(EXTRACTED ENTRIES)
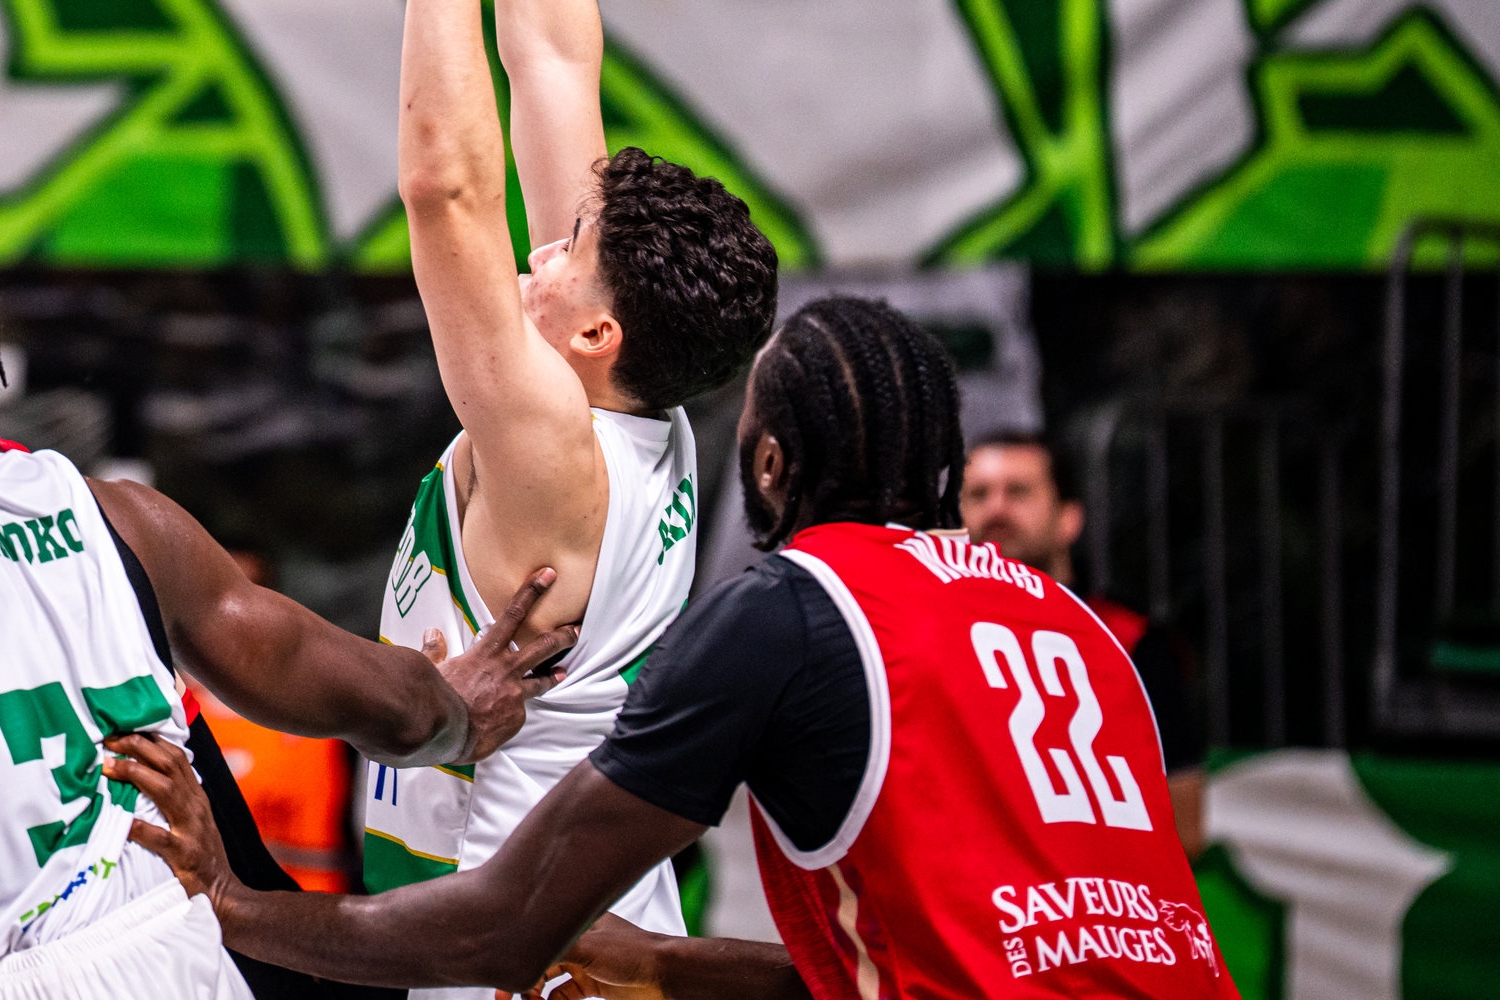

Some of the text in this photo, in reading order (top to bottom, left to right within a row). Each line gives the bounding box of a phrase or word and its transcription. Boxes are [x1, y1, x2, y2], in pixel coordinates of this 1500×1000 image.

[970, 621, 1154, 831] 22
[991, 877, 1159, 934] SAVEURS
[1003, 937, 1033, 979] DES
[1035, 925, 1177, 973] MAUGES
(End EXTRACTED ENTRIES)
### DESCRIPTION OF THE TASK
Pictures excluded, quote all the data above exactly.

### THE ANSWER
Some of the text in this photo, in reading order (top to bottom, left to right within a row). Each line gives the bounding box of a phrase or word and its transcription. Boxes are [x1, y1, x2, y2], in pixel coordinates of this 1500×1000 image.

[970, 621, 1154, 831] 22
[991, 877, 1159, 934] SAVEURS
[1003, 937, 1033, 979] DES
[1035, 925, 1177, 973] MAUGES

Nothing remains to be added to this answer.